_What you will do_
Every record below must be retyped exactly, with the pictures left out.

_Data supplied_
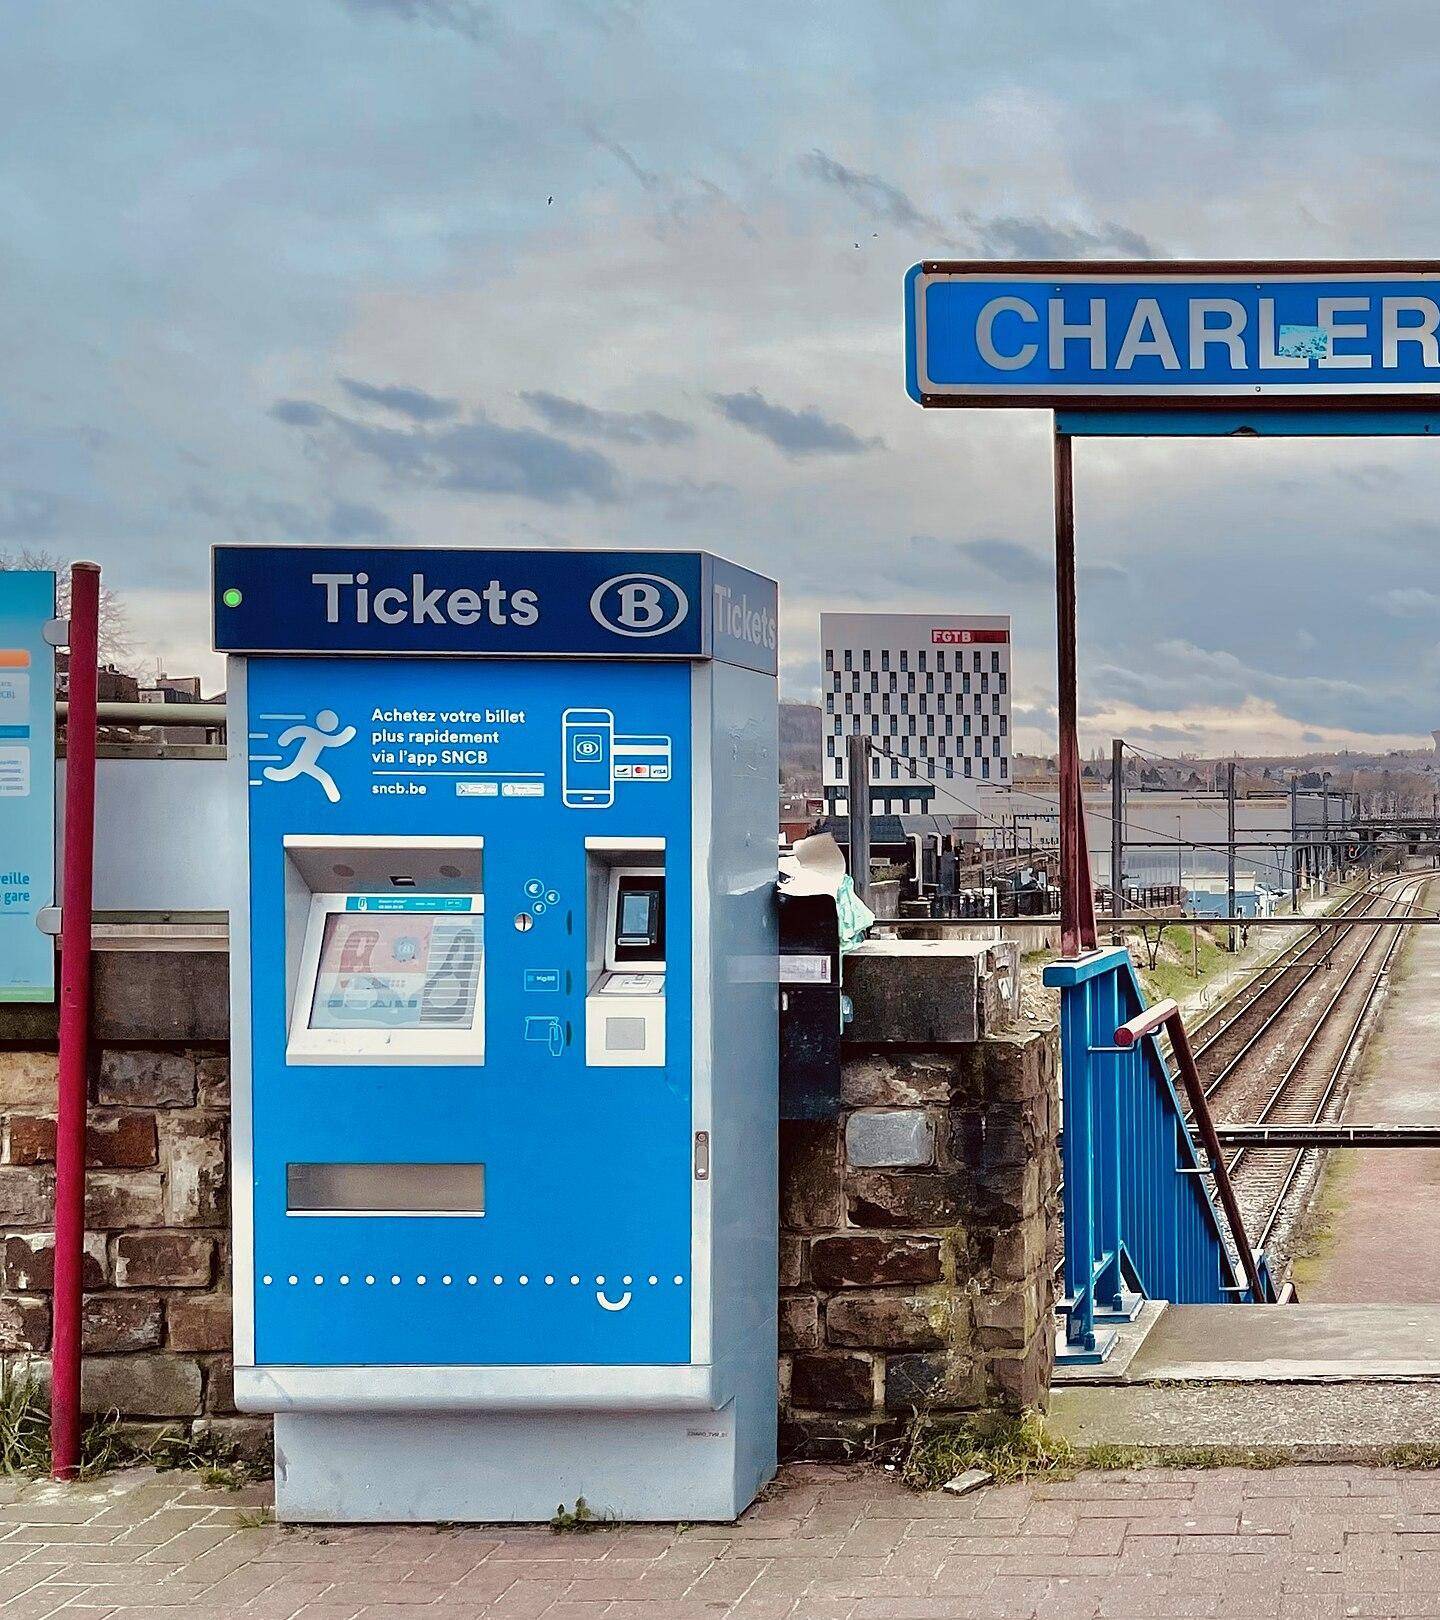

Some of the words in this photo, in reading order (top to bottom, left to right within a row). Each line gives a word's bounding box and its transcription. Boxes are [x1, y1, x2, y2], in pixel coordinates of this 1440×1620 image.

[312, 572, 539, 625] Tickets
[714, 584, 776, 650] Tickets
[933, 630, 972, 643] FGTB
[372, 708, 436, 722] Achetez
[440, 710, 481, 723] votre
[486, 709, 526, 724] billet
[372, 729, 404, 745] plus
[408, 729, 499, 746] rapidement
[372, 750, 395, 763] via
[399, 750, 438, 766] l'app
[441, 750, 488, 764] SNCB
[372, 782, 427, 795] sncb.be
[4, 892, 30, 906] gare
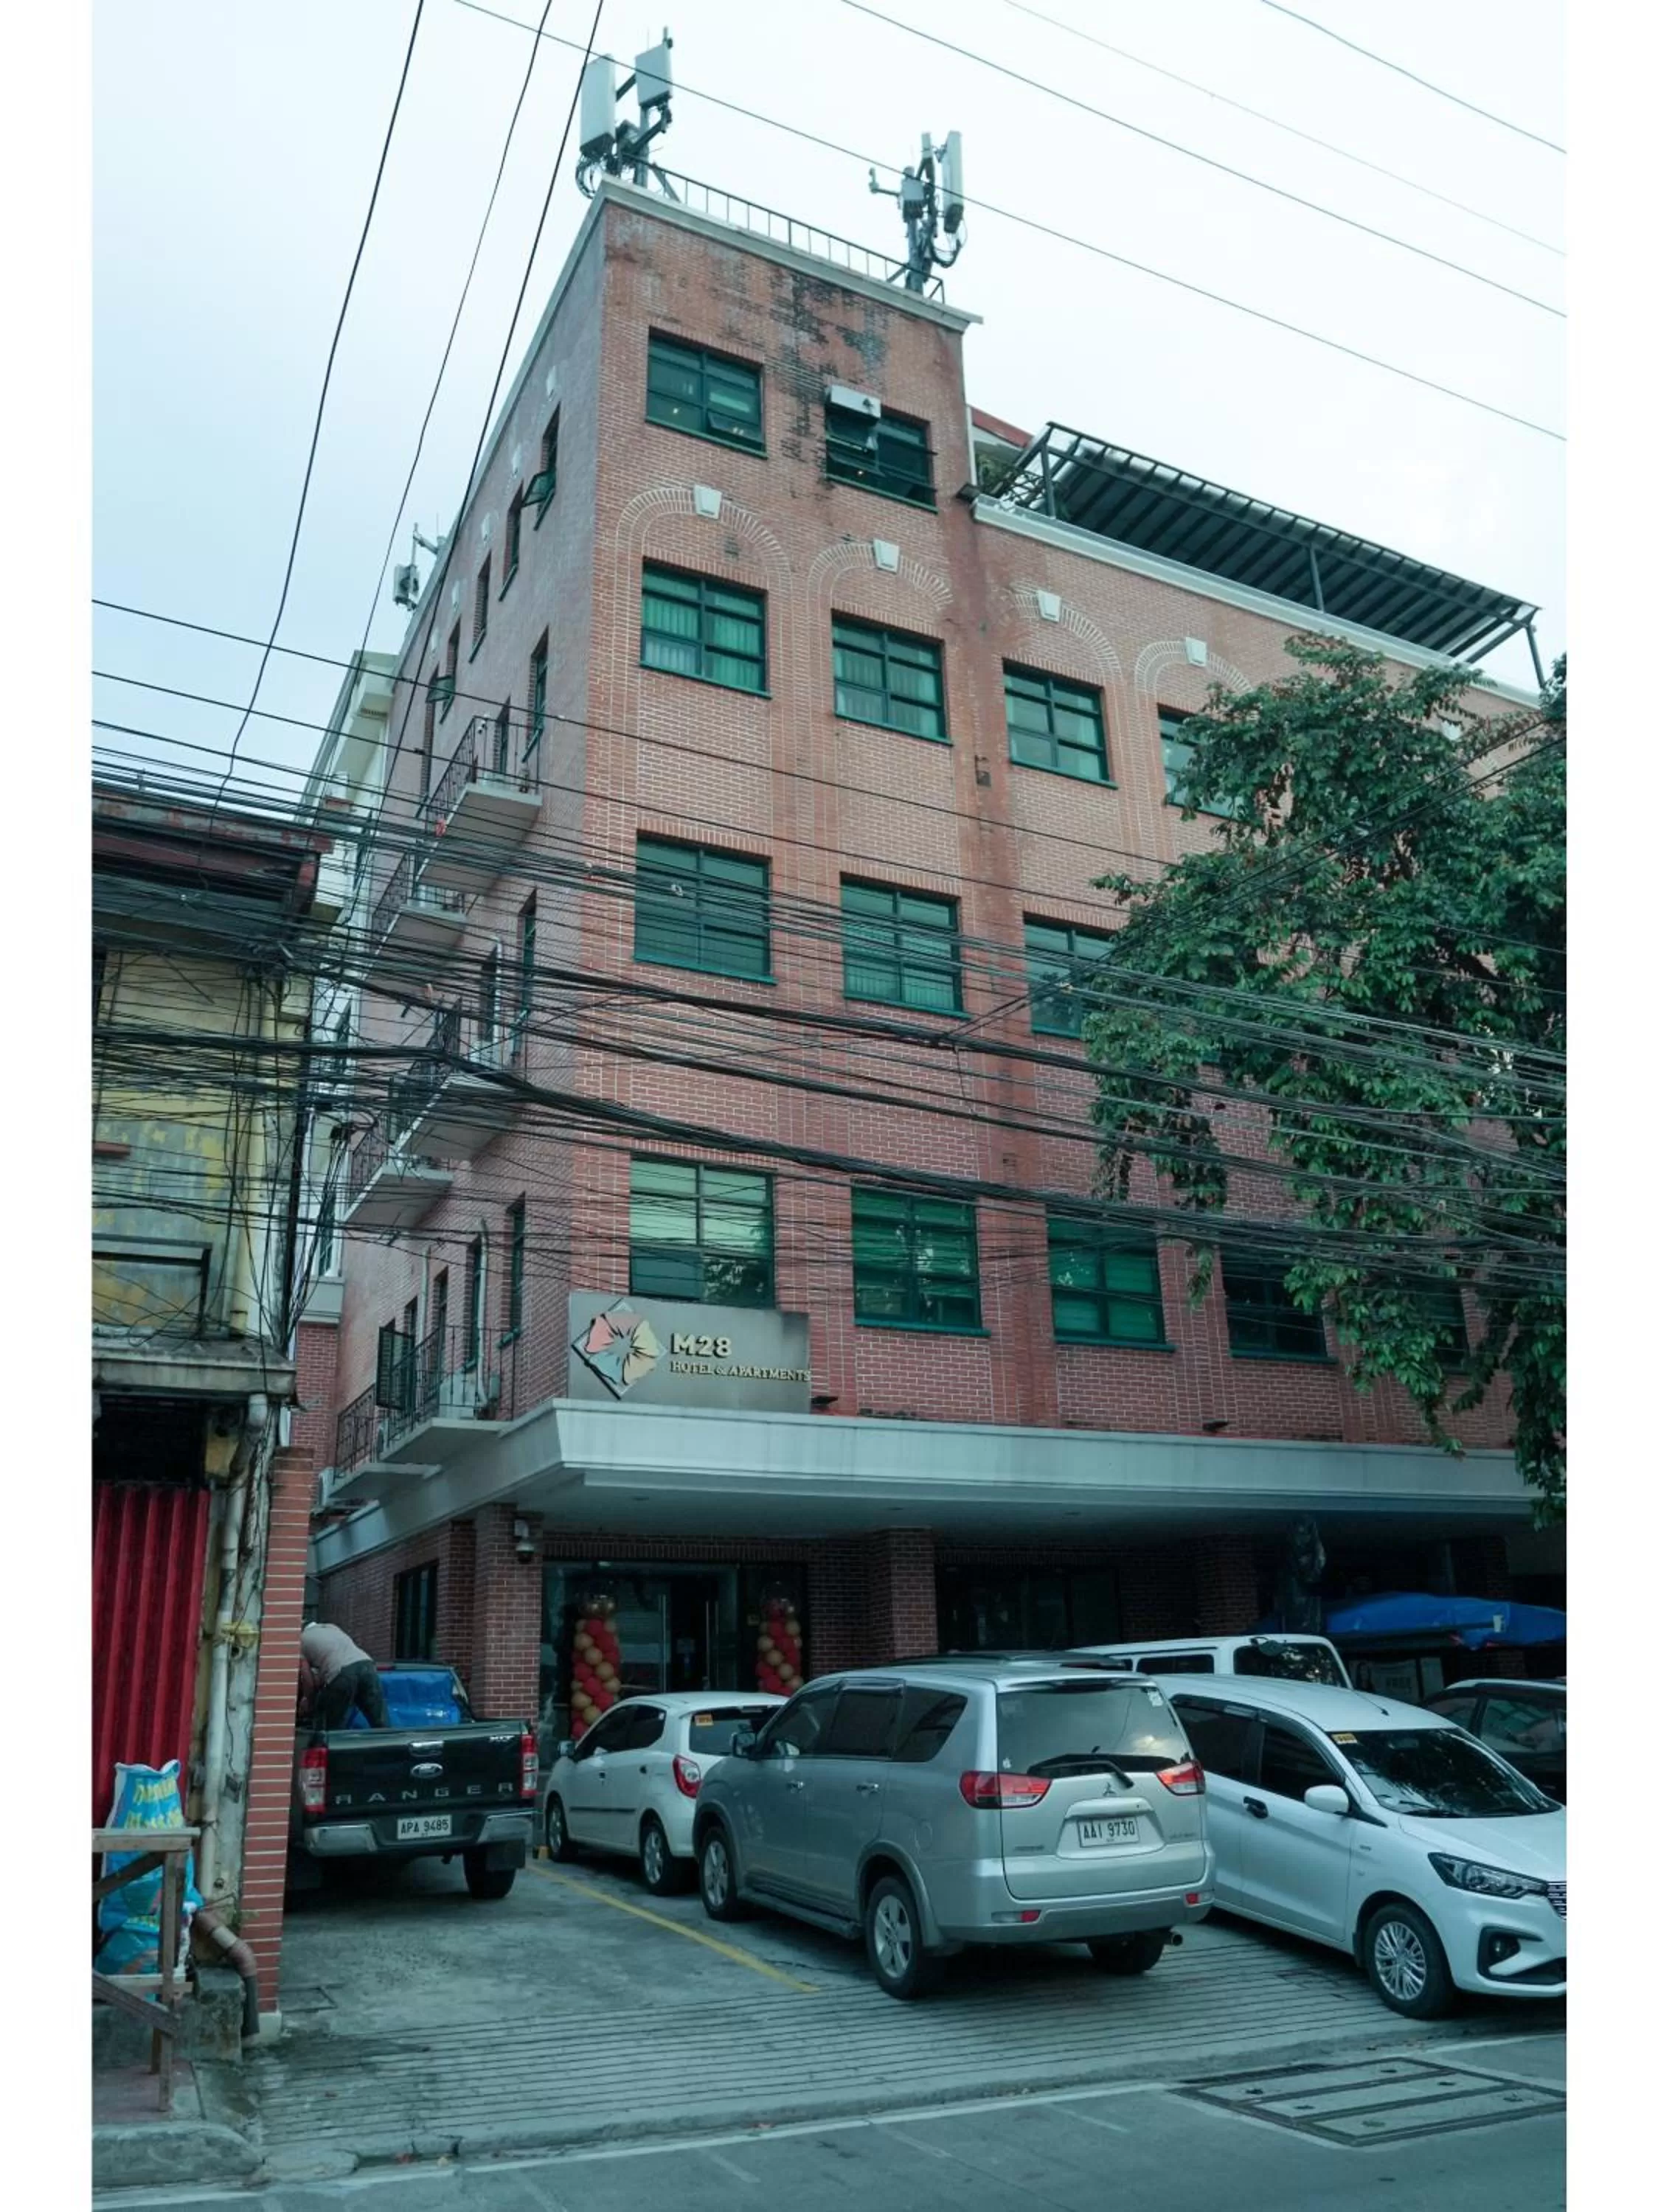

_Answer box_
Some of the words in this photo, in reading order (top to bottom, left to right within a row). Each line gives a word's bounding box and its transcription. Boxes are [x1, y1, x2, y2], in pixel coordinates of this 1440×1620 image.

[312, 572, 539, 625] Tickets
[714, 584, 776, 650] Tickets
[933, 630, 972, 643] FGTB
[372, 708, 436, 722] Achetez
[440, 710, 481, 723] votre
[486, 709, 526, 724] billet
[372, 729, 404, 745] plus
[408, 729, 499, 746] rapidement
[372, 750, 395, 763] via
[399, 750, 438, 766] l'app
[441, 750, 488, 764] SNCB
[372, 782, 427, 795] sncb.be
[4, 892, 30, 906] gare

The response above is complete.